*** Begin section ***
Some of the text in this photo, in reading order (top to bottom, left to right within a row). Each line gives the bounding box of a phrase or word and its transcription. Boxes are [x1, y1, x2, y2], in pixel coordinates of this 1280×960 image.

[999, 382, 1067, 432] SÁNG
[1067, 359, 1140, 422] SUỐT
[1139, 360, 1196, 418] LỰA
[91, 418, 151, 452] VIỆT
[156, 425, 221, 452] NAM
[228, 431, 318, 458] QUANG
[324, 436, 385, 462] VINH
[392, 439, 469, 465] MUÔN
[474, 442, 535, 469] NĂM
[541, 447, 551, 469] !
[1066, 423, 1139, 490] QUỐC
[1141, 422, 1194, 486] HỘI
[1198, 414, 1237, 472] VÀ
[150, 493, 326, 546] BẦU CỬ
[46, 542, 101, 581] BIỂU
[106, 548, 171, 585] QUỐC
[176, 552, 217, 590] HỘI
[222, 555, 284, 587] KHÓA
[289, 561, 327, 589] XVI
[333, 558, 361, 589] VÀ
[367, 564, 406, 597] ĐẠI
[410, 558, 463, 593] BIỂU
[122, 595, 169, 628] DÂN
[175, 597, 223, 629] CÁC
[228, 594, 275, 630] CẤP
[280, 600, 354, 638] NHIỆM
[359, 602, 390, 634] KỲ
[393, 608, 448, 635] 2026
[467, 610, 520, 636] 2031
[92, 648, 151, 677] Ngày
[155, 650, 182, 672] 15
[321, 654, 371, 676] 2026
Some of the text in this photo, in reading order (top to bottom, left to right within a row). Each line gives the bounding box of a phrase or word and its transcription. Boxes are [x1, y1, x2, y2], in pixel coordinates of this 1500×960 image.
*** End section ***
*** Begin section ***
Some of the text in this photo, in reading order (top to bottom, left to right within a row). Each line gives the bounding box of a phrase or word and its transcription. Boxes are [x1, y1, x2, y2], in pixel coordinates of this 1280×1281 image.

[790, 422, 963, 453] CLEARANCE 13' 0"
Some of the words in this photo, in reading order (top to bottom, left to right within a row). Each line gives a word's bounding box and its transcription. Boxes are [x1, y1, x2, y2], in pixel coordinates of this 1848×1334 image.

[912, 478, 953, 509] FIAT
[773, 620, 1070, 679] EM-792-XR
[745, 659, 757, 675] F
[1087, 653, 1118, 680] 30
*** End section ***
*** Begin section ***
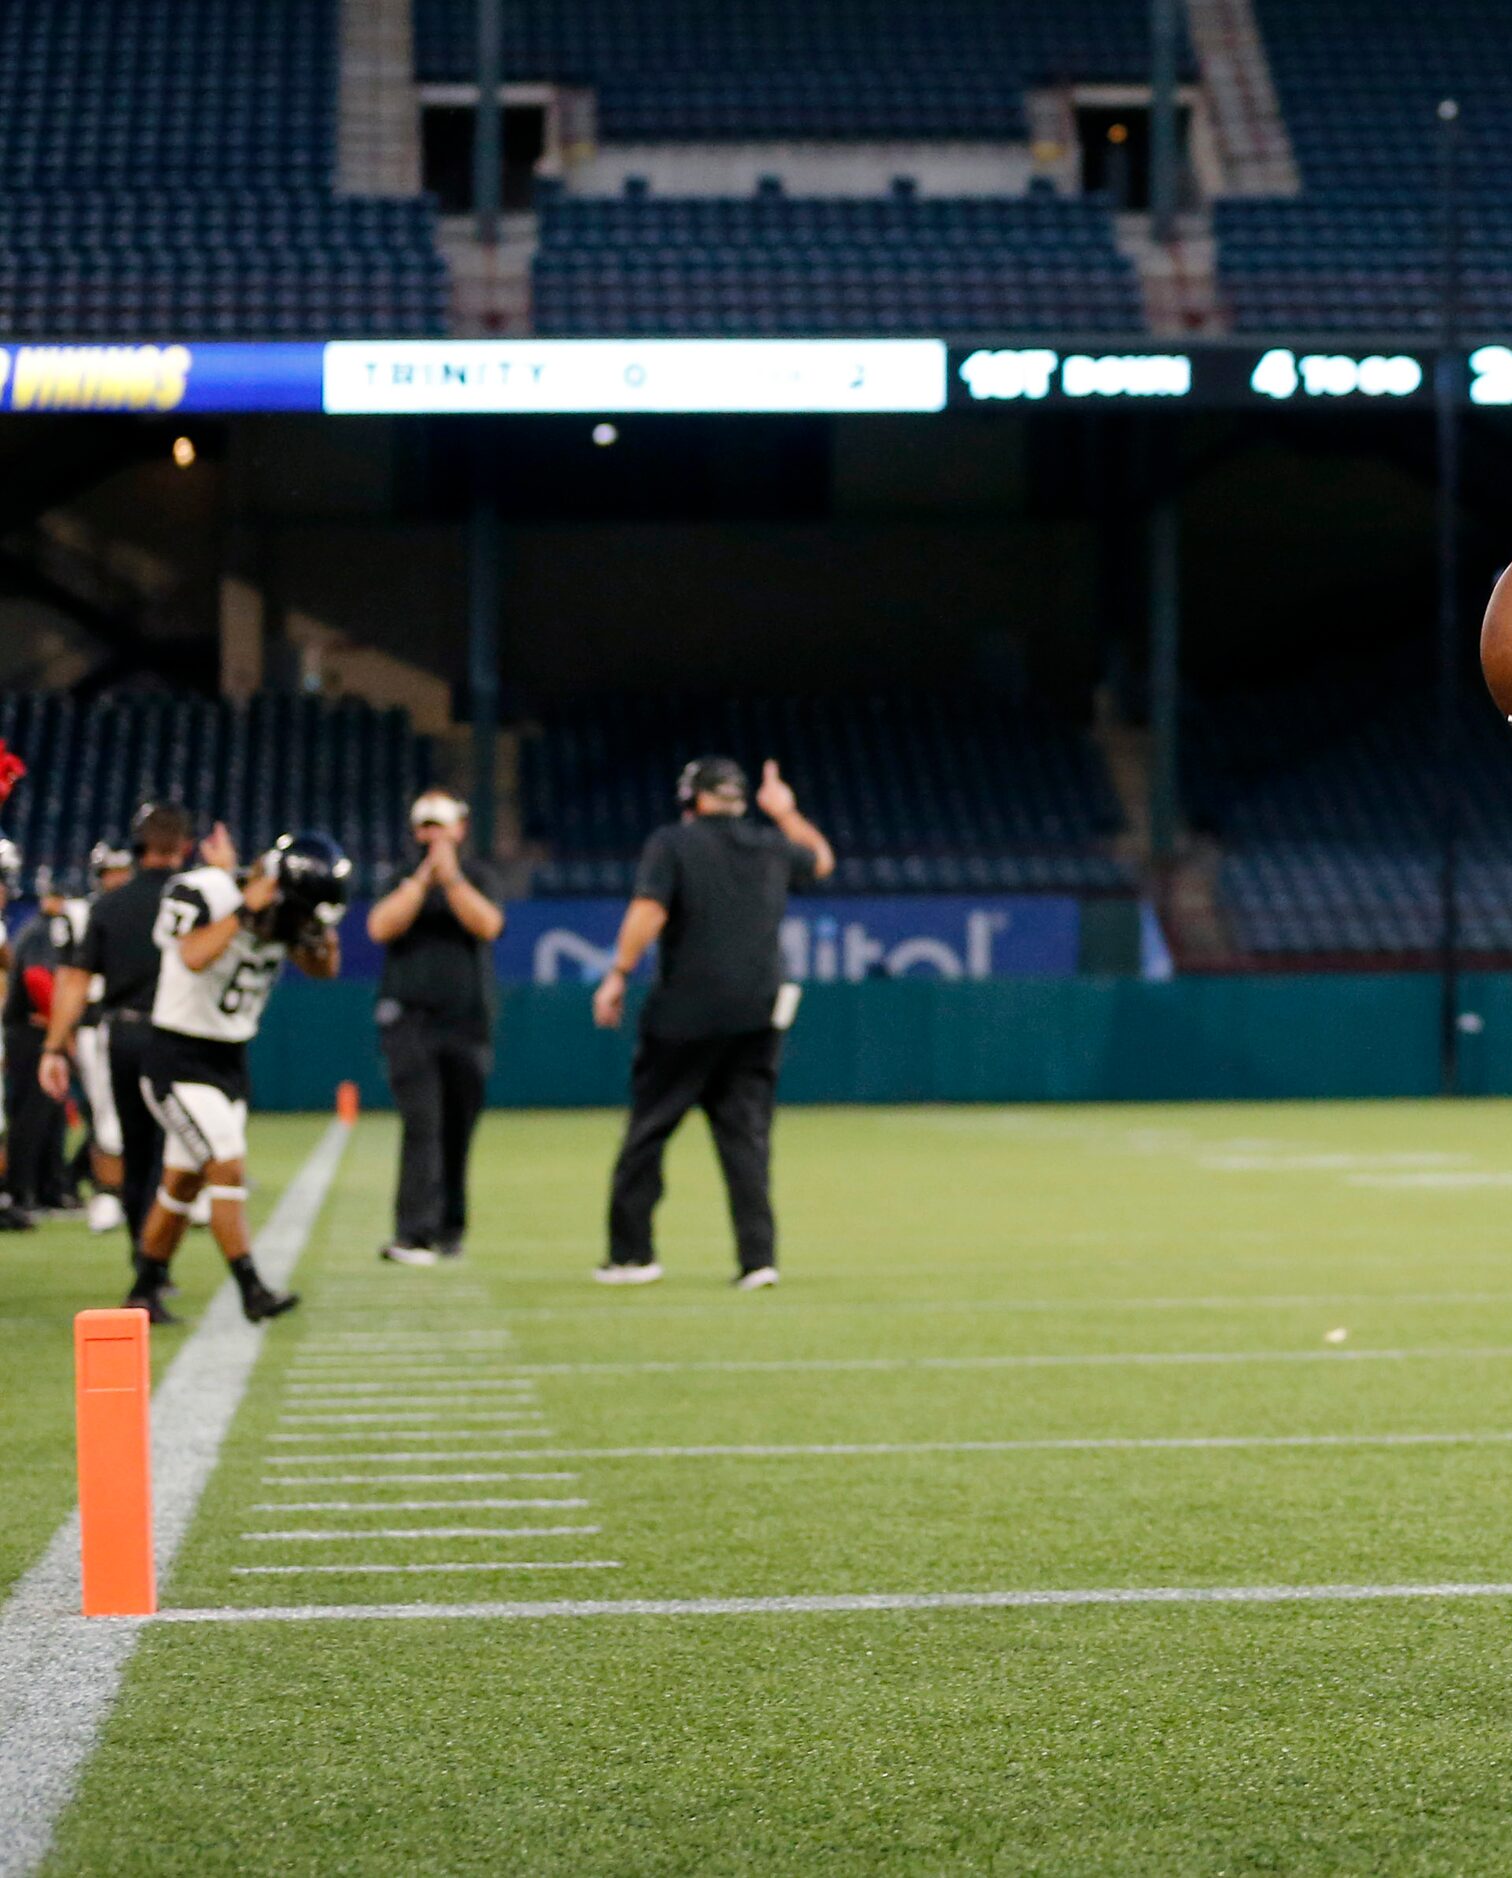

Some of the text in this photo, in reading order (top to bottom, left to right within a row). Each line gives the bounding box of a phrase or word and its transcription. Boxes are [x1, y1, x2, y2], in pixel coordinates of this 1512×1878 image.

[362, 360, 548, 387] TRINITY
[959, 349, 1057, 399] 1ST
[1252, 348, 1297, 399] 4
*** End section ***
All lines above between those holding "this 1280×960 image." and "this 1500×960 image.", inclusive, must be set down unchanged, and no other line may be included.

ANSWER BELOW -
Some of the text in this photo, in reading order (top to bottom, left to right within a row). Each line gives the bounding box of a phrase or word and its transcription. Boxes are [x1, y1, x2, y2], in pixel coordinates of this 1280×960 image.

[999, 382, 1067, 432] SÁNG
[1067, 359, 1140, 422] SUỐT
[1139, 360, 1196, 418] LỰA
[91, 418, 151, 452] VIỆT
[156, 425, 221, 452] NAM
[228, 431, 318, 458] QUANG
[324, 436, 385, 462] VINH
[392, 439, 469, 465] MUÔN
[474, 442, 535, 469] NĂM
[541, 447, 551, 469] !
[1066, 423, 1139, 490] QUỐC
[1141, 422, 1194, 486] HỘI
[1198, 414, 1237, 472] VÀ
[150, 493, 326, 546] BẦU CỬ
[46, 542, 101, 581] BIỂU
[106, 548, 171, 585] QUỐC
[176, 552, 217, 590] HỘI
[222, 555, 284, 587] KHÓA
[289, 561, 327, 589] XVI
[333, 558, 361, 589] VÀ
[367, 564, 406, 597] ĐẠI
[410, 558, 463, 593] BIỂU
[122, 595, 169, 628] DÂN
[175, 597, 223, 629] CÁC
[228, 594, 275, 630] CẤP
[280, 600, 354, 638] NHIỆM
[359, 602, 390, 634] KỲ
[393, 608, 448, 635] 2026
[467, 610, 520, 636] 2031
[92, 648, 151, 677] Ngày
[155, 650, 182, 672] 15
[321, 654, 371, 676] 2026
Some of the text in this photo, in reading order (top to bottom, left to right within a row). Each line gives the bounding box of a phrase or word and its transcription. Boxes are [x1, y1, x2, y2], in pixel coordinates of this 1500×960 image.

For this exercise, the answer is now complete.